Se produjeron los polipéptidos de fusión Skp siguientes:
Skp-ppUL32-X1 (SEC ID nº 4) y Skp-ppUL32-X4 (SEC ID nº 5). Estos polipéptidos de fusión comprenden el
módulo de fusión de Skp y una (X1) o cuatro (X4) copias del epítopo ppUL32 del citomegalovirus humano.
Este epítopo corresponde a los aminoácidos 587 a 640 de la fosfoproteína estructural grande pp150 de
HCMV (Uniprot ID P08318).
Skp-pp150-X1 (SEC ID nº 6) y Skp-pp 150-X4 (SEC ID nº 7). Estos polipéptidos de fusión comprenden el
módulo de fusión de skp y una (X1) o cuatro (X4) copias del epítopo pp150 de HMCV, que corresponde a los
aminoácidos 999 a 1.048 de pp150 del HCMV.
Skp-p52-X1 (SEC ID nº 8) y Skp-p52-X4 (SEC ID nº 9). Estos polipéptidos de fusión comprenden el módulo
de fusión de Skp y una (X1) o cuatro (X4) copias del epítopo p52 de HMCV correspondiente a los
aminoácidos 254 a 923 de la proteína accesoria p52 de polimerasa del HCMV (Uniprot ID nº P16790)
1.4 Mediciones espectroscópicas
Se llevaron a cabo mediciones de la concentración de proteínas con un espectrofotómetro de doble haz Uvikon XL. Se determinaron los coeficientes de extinción molar (( 280) mediante la utilización del procedimiento descrito por Pace et al. (Protein Sci. 4 (1995), 2411-2423).
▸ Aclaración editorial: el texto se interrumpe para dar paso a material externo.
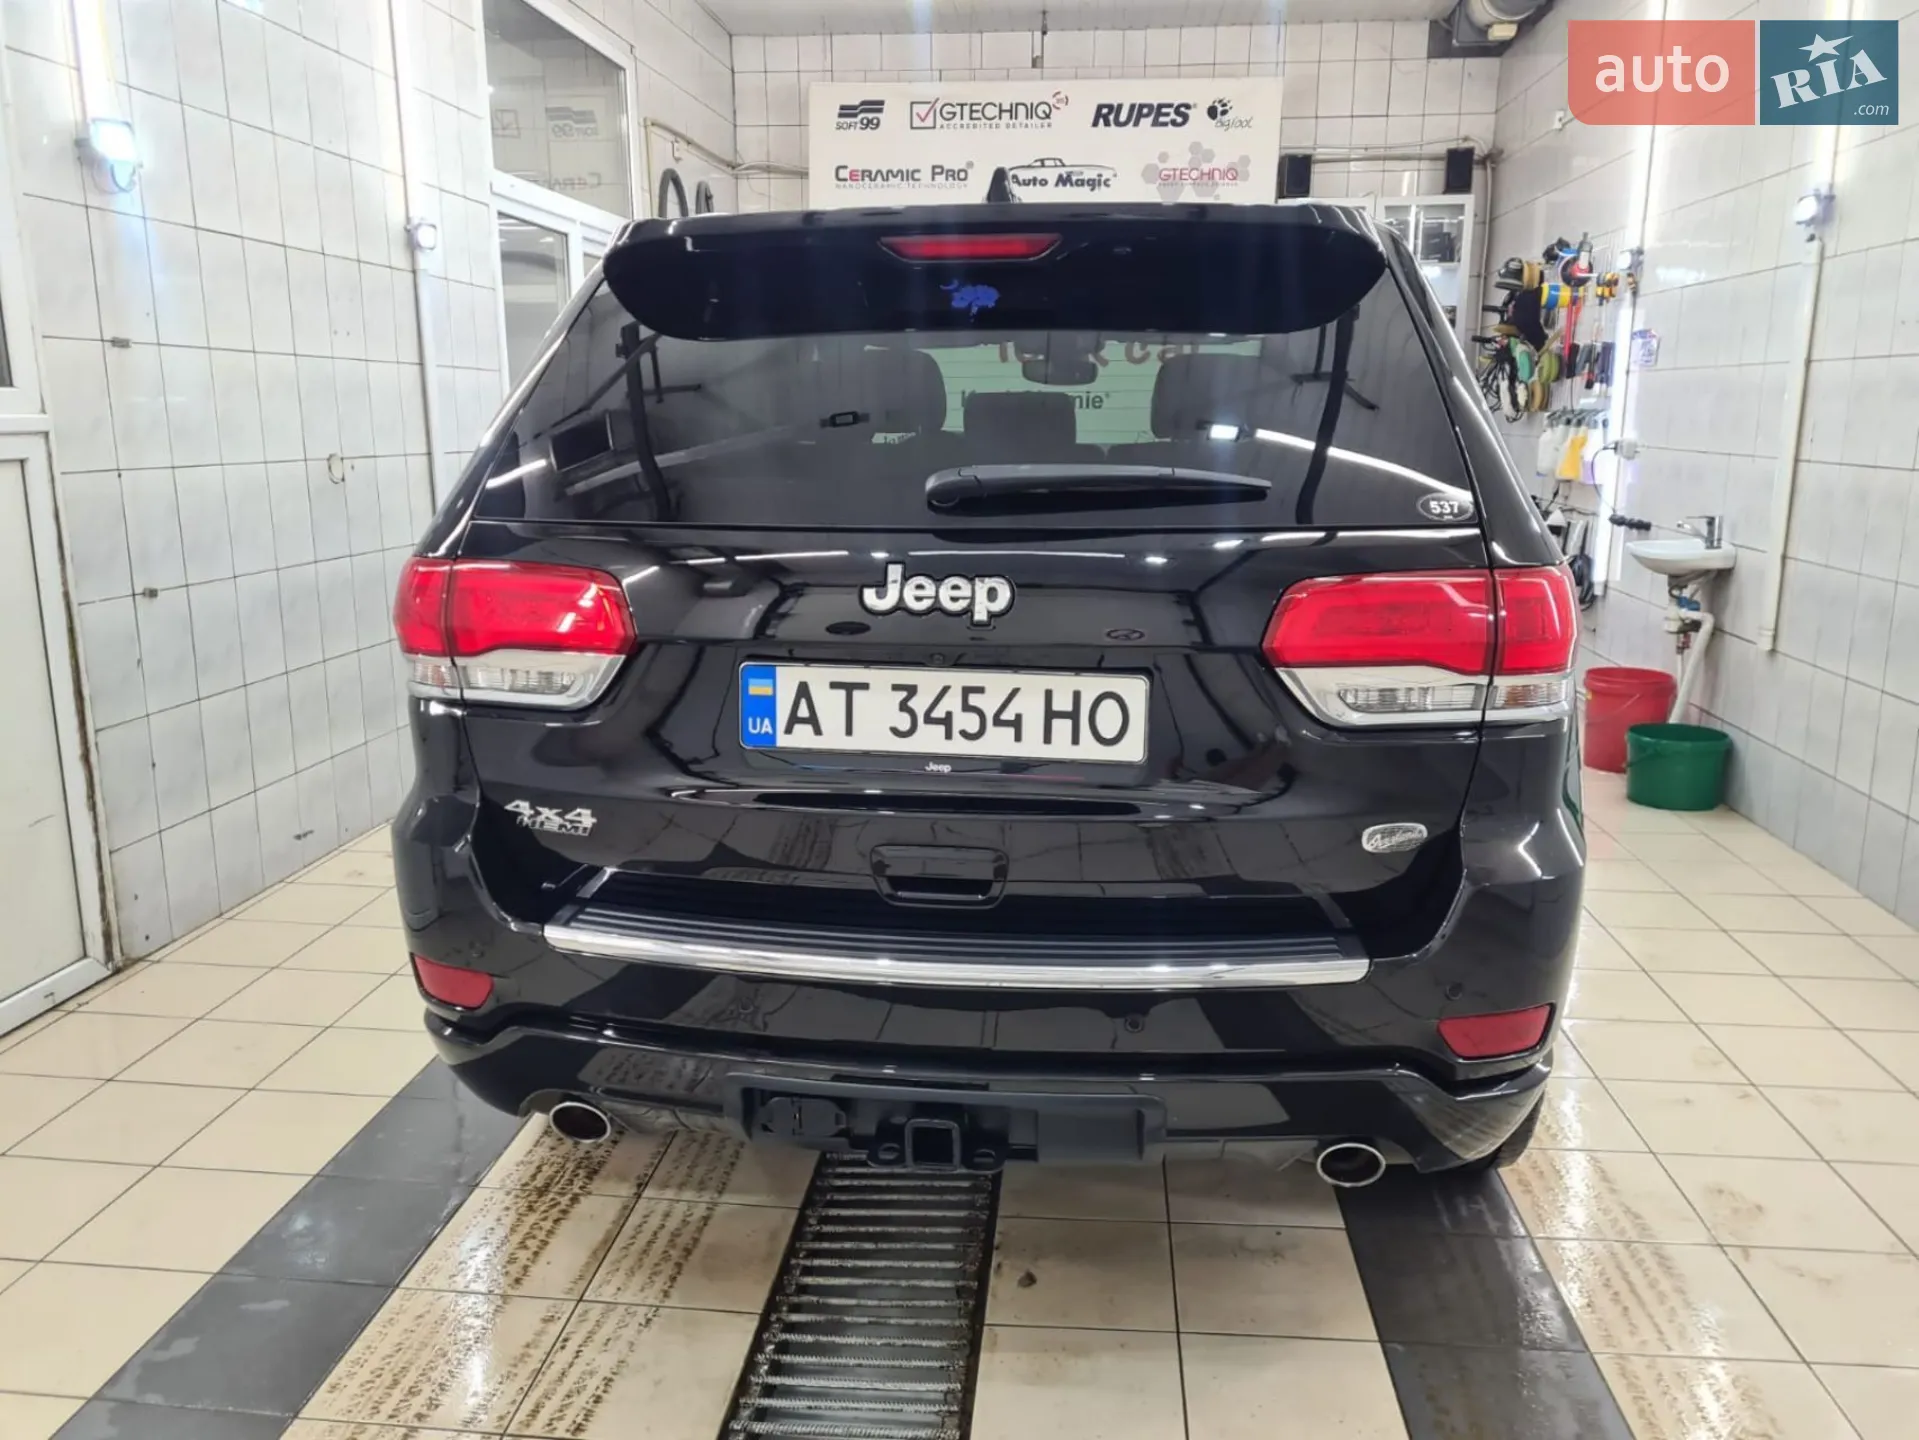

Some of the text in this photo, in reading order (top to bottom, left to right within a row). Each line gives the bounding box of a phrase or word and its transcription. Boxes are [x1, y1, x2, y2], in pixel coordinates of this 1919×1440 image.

[1090, 102, 1192, 128] RUPES
[1011, 173, 1111, 192] Auto Magic
[1159, 167, 1239, 181] GTECHNIQ
[1429, 500, 1459, 514] 537
[861, 562, 1013, 625] Jeep
[783, 681, 1131, 747] AT 3454 HO
[747, 717, 774, 735] UA
[925, 761, 952, 774] Jeep
[504, 799, 597, 824] 4x4
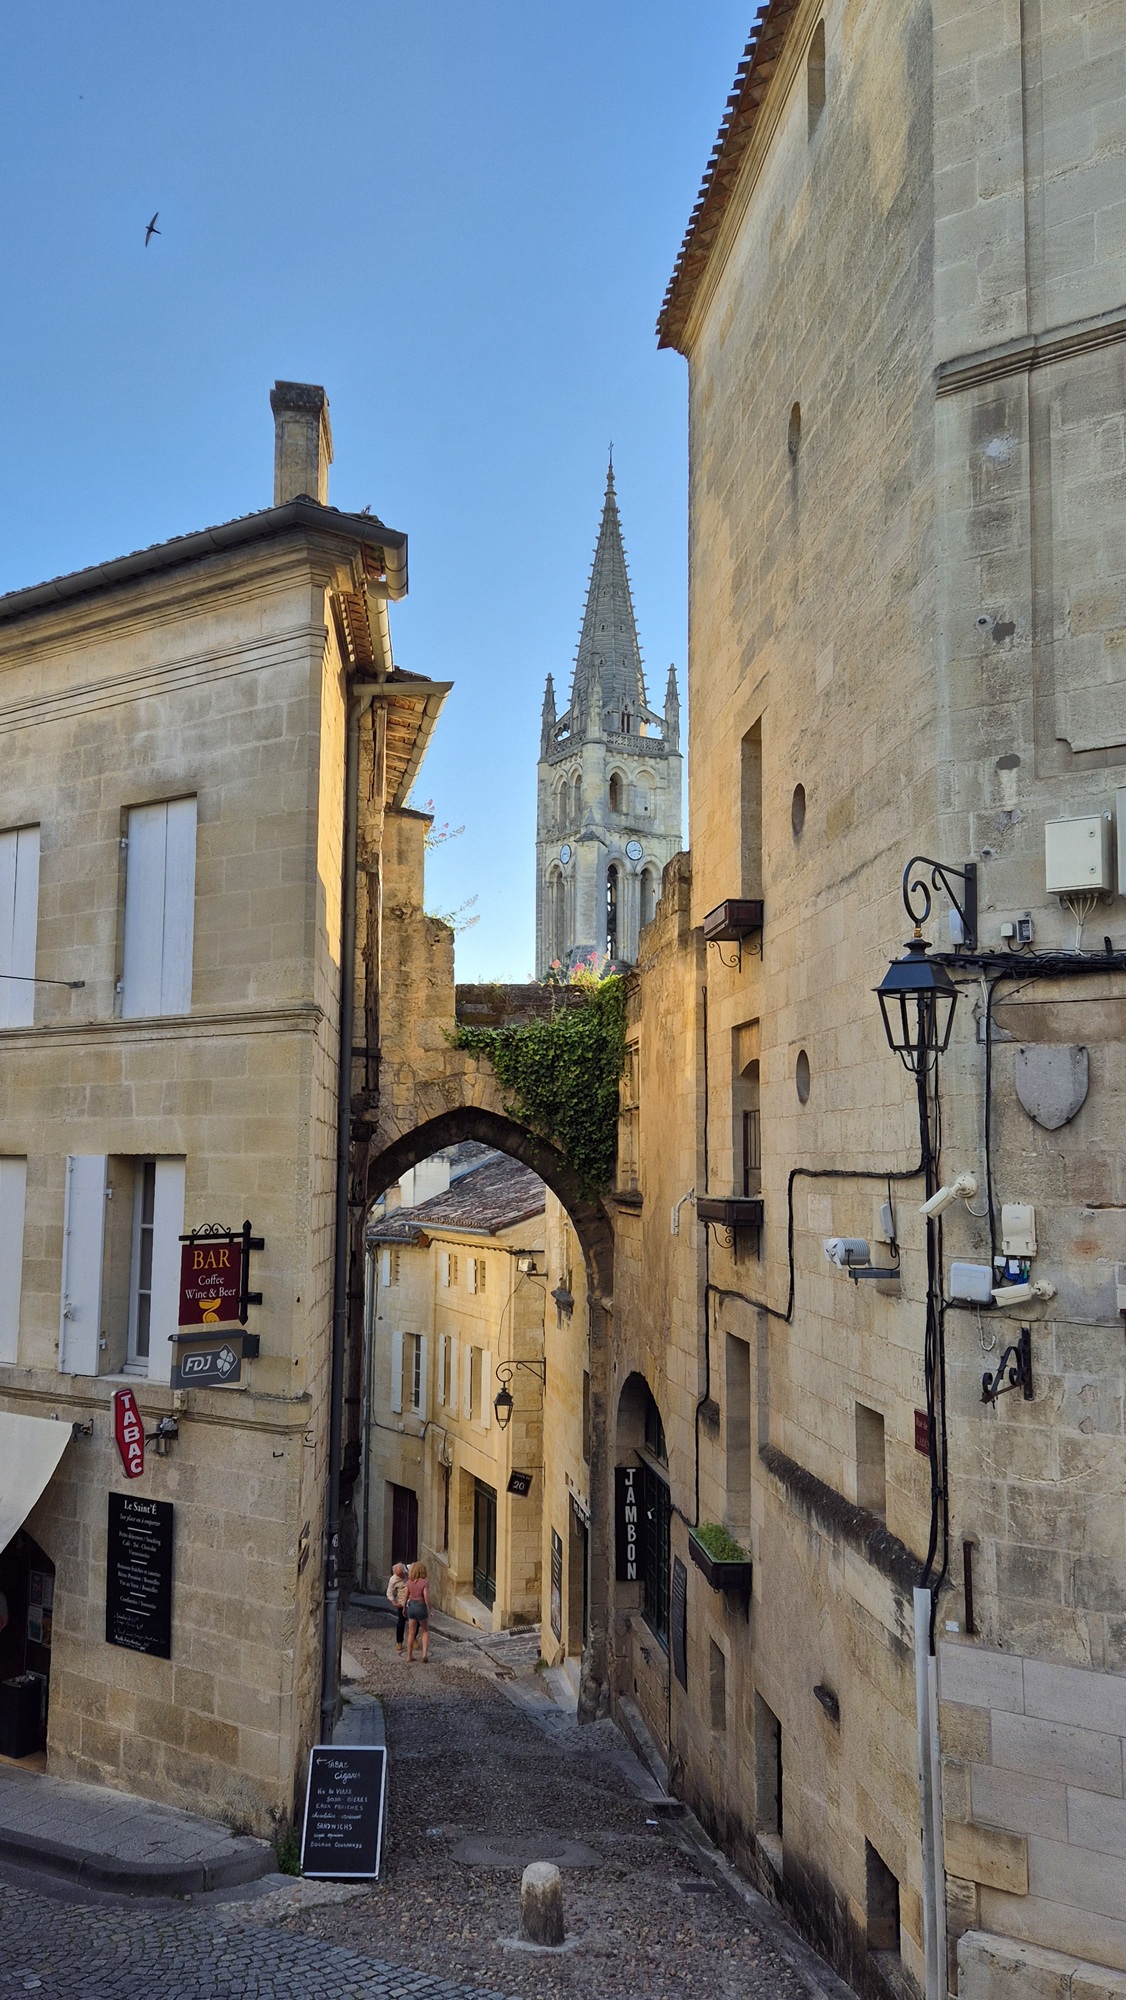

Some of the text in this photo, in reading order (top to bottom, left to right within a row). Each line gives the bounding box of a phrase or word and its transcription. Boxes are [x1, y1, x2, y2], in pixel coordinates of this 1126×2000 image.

[192, 1249, 231, 1270] BAR
[198, 1274, 225, 1286] Coffee
[185, 1287, 236, 1299] Wine & Beer
[185, 1356, 212, 1372] FDJ
[121, 1395, 142, 1474] TABAC
[513, 1480, 525, 1491] 20
[124, 1500, 132, 1510] Le
[625, 1468, 637, 1580] JAMBON
[325, 1759, 349, 1768] TABAC
1.5 Acoplamiento de fracciones de rutenio a las proteínas de fusión
Se modificaron los grupos (-amino de lisina de las proteínas de fusión a concentraciones de proteína de ~10 mg/ml con marcajes de rutenio activados con N-hidroxisuccinimida. La proporción molar de marcaje:proteína variaba entre
2:1 y 7:1, dependiendo de la proteína de fusión respectiva. El tampón de reacción era fosfato potásico 150 mM (pH 8,0), cloruro potásico 50 mM y EDTA 1 mM. La reacción se llevó a cabo a temperatura ambiente durante 10 minutos y se detuvo mediante la adición de L-lisina tamponada a una concentración final de 10 mM. Para evitar la inactivación hidrolítica de los marcajes, se prepararon las soluciones madre respectivas en DMSO seco (calidad Seccosolv, Merck, Alemania). Las concentraciones de DMSO de hasta 20% en el tampón de reacción resultan bien toleradas por todas las proteínas de fusión estudiadas. Tras la reacción de acoplamiento, se eliminó el marcaje libre no reaccionado y el solvente orgánico mediante pase del conjugado de proteína cruda por una columna de filtración en gel (Superdex 200 HiLoad).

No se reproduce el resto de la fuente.